The intracellular protozoan parasite Theileria annulata causes a severe and often fatal disease of pure and crossbred cattle in tropical and subtropical countries. Animals that recover from the infection are immune against challenge with homologous parasite strains. In the present review we refer to the role of immunocompetent cells and their products in containing the infection or in facilitating the progress of the disease. Parasite-infected host cells produce cytokines, which, depending on their concentration and timing of production, may enhance the establishment of the infection. Thus, cell lines producing high levels of proinflammatory cytokines cause severe postvaccinal reactions when inoculated into cattle. This may be supported by an aberrant non-specific activation of naive T-cells, leading to the production of high levels of gamma-interferon (IFN-y). Under these circumstances development of the specific immune response may be inhibited. At this stage, innate immune reactions are operating to contain the infection. Natural killer cells and macrophages may represent the most important part of this immunity. Antibodies and specific T-lymphocytes, CD4+ T-cells and cytotoxic T-lymphocytes (CTLs), play the most important role in a challenge infection.

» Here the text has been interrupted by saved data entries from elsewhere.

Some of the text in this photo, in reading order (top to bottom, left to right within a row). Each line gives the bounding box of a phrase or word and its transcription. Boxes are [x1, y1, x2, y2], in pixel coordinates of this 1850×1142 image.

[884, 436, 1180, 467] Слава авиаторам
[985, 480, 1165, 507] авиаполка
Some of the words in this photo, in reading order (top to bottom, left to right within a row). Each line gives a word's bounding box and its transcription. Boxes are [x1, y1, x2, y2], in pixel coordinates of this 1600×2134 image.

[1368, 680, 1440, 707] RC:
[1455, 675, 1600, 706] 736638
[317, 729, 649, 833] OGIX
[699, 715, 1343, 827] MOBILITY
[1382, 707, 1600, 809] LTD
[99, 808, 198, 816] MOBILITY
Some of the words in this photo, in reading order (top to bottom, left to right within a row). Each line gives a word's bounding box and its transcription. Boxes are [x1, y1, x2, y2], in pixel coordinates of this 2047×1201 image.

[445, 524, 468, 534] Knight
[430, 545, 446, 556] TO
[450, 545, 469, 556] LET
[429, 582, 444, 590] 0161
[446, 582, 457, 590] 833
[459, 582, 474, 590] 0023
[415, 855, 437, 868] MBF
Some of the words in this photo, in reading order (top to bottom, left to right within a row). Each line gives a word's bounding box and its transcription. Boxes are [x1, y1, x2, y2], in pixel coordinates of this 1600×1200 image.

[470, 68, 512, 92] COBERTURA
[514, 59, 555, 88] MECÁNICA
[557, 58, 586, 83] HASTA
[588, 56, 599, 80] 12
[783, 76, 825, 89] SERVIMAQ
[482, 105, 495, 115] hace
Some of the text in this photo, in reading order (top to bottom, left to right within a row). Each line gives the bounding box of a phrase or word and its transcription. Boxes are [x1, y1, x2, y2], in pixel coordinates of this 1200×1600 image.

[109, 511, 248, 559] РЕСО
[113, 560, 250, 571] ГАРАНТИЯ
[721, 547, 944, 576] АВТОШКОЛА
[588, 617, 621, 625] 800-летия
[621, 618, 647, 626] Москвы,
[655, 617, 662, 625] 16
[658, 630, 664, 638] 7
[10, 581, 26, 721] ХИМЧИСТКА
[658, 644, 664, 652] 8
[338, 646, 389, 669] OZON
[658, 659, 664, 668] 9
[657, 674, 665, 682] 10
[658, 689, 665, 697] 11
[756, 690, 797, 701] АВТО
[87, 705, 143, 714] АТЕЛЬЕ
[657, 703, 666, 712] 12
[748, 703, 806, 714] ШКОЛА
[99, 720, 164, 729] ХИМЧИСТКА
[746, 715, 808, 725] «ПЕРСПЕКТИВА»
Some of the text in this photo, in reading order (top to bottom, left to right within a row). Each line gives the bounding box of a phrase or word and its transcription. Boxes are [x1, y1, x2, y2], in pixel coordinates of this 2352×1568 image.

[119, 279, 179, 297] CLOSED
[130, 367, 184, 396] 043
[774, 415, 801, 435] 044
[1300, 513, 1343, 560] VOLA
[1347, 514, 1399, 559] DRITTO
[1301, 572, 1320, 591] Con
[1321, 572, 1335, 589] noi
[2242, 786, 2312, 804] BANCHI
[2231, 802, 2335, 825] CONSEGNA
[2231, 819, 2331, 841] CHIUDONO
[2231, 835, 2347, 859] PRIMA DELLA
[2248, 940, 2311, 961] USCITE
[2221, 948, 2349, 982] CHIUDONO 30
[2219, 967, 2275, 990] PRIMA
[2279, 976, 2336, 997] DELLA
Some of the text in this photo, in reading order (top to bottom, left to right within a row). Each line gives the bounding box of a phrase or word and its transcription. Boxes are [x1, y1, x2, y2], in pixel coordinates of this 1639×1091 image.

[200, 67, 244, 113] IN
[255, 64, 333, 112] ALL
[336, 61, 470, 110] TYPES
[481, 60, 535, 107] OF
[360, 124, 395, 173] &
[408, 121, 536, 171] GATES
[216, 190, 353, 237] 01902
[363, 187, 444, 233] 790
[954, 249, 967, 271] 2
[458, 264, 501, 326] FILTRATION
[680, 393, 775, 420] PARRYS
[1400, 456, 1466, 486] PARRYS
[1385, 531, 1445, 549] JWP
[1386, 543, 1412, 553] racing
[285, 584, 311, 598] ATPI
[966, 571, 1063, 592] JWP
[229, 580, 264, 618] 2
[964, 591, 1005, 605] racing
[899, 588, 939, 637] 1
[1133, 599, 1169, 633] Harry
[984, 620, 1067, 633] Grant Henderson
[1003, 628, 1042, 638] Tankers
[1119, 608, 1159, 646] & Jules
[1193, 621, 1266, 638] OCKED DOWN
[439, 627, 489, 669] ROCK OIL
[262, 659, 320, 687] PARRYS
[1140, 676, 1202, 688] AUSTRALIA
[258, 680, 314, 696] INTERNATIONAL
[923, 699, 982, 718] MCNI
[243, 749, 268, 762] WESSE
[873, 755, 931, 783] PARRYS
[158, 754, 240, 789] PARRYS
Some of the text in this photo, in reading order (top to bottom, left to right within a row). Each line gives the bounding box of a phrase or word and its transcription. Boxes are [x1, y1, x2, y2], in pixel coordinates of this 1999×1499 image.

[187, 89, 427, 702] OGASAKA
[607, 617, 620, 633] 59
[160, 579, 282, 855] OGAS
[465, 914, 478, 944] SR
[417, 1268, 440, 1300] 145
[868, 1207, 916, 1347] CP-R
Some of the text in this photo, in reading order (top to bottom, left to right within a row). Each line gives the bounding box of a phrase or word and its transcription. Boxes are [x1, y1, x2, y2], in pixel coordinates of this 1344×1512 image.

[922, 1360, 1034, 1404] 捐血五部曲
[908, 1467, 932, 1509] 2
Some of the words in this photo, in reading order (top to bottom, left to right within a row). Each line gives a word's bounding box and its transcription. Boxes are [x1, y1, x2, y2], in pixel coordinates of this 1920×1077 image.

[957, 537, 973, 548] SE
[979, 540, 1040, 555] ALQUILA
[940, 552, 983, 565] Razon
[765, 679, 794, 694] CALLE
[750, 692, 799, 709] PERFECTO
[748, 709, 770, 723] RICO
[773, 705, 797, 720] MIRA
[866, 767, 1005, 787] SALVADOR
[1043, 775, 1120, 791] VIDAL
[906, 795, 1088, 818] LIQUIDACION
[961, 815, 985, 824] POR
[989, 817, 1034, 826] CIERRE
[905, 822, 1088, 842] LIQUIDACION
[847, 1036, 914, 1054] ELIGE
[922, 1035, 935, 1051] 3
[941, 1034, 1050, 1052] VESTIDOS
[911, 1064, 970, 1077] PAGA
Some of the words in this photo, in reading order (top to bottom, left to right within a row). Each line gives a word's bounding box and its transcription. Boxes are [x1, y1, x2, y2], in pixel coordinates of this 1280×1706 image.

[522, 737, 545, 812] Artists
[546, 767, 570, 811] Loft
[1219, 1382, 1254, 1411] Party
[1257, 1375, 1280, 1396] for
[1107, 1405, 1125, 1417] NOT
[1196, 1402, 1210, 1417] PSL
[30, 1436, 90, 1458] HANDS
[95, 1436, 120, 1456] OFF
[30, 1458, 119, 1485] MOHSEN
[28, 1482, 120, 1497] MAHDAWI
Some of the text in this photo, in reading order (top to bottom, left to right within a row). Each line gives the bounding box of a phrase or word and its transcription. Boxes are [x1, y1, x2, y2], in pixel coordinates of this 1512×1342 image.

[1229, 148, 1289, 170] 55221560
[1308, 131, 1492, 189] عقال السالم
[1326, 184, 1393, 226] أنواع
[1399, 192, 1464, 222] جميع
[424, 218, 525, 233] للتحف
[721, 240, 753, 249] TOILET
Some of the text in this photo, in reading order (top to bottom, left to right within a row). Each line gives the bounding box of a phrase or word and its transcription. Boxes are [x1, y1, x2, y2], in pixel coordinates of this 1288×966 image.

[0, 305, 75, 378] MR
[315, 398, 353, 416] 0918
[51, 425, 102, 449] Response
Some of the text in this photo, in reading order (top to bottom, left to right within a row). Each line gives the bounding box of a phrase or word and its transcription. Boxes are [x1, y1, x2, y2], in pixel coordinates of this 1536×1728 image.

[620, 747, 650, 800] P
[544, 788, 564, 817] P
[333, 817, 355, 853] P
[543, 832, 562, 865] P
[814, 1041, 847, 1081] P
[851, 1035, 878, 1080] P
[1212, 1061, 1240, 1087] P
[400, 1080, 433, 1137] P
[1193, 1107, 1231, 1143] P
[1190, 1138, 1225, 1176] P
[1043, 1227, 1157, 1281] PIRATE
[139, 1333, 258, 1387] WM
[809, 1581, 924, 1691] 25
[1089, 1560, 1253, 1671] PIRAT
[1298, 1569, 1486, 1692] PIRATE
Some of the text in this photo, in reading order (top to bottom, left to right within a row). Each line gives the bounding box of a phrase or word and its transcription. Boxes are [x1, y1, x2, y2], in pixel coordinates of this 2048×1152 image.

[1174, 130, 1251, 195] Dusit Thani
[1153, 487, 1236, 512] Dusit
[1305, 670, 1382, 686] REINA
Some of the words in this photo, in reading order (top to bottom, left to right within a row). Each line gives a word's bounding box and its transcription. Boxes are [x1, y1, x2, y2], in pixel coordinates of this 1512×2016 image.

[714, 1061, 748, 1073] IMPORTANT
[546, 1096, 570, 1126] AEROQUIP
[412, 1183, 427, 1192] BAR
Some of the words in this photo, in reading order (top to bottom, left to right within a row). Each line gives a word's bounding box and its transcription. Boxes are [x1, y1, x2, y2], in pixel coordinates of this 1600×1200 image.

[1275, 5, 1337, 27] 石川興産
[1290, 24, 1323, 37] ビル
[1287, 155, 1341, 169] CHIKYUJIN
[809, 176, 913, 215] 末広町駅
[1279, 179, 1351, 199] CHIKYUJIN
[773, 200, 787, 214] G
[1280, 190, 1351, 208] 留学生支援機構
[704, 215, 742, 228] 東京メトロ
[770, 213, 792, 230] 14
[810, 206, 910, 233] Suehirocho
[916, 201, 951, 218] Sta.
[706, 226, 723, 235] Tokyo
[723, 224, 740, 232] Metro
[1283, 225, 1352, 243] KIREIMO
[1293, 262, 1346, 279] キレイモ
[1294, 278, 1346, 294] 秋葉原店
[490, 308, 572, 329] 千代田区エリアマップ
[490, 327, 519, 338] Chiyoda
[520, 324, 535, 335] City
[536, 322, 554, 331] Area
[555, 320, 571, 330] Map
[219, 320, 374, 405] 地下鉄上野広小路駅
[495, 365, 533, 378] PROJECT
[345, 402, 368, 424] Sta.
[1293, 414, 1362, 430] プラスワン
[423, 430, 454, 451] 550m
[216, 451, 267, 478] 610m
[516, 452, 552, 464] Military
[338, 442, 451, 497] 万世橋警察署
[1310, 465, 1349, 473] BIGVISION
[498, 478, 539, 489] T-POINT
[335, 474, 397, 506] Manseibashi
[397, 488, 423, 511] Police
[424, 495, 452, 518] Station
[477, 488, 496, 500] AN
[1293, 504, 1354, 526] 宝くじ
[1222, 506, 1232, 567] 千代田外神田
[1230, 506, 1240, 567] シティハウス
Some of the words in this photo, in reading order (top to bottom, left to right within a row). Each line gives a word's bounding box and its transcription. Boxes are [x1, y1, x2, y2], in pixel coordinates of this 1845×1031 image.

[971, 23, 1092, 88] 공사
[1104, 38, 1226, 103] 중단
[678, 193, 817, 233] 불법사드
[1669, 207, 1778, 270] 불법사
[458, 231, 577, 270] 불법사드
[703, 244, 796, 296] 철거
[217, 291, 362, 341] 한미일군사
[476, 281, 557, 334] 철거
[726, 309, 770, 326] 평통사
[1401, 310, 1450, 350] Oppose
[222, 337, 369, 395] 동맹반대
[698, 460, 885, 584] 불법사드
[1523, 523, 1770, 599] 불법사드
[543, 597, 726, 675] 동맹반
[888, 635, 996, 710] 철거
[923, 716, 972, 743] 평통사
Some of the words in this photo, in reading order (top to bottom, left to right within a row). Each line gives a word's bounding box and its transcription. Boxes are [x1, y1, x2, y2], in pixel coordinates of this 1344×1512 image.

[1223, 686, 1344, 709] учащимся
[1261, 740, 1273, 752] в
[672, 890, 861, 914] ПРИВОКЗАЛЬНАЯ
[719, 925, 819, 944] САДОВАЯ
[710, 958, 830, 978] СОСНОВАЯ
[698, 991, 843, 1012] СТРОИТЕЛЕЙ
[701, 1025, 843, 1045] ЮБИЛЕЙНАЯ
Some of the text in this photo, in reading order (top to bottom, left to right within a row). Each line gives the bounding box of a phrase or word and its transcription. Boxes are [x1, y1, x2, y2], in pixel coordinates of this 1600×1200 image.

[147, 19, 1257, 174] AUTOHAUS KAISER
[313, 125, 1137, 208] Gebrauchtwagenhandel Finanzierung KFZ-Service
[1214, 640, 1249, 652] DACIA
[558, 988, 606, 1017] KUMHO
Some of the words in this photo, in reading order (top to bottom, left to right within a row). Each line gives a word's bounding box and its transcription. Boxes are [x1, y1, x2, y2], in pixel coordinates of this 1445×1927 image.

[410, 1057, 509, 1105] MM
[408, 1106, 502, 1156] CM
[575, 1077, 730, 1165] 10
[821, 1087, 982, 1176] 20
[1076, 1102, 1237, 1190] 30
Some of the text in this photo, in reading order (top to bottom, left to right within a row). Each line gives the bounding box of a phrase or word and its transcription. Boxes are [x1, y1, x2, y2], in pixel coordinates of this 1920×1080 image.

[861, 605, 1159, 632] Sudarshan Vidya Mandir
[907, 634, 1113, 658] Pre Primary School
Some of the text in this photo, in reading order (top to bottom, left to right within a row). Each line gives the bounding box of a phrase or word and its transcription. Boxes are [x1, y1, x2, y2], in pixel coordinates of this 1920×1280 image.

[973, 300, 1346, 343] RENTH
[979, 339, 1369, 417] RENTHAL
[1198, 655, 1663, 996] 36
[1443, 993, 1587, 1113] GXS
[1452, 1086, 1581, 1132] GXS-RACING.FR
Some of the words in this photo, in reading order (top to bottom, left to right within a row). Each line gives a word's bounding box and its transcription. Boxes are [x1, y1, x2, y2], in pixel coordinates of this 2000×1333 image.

In this context, CD4+ T-cells produce cytokines required for the clonal expansion of CTLs that kill their target cells in a major histocompatibility complex (MHC) class I-restricted manner. In addition, CD4+ T-cells produce macrophage-activating cytokines such as IFN-gamma. Such activated macrophages produce mediators such as NO, which destroy the intracellular schizonts. Attempts have been directed toward the identification of parasite antigens involved in the induction of immunity. To date, only a limited number of sporozoite and merozoite antigens have been identified and examined for their immunogenicity, and the protection achieved is partial. An effective vaccine must include schizont proteins, notably, those proteins that are secreted into the host cell cytoplasm because these may have access to the MHC class I and II compartments to be presented to CTLs and CD4+ T-cells, respectively. Several schizont proteins have been identified and these are now under investigation.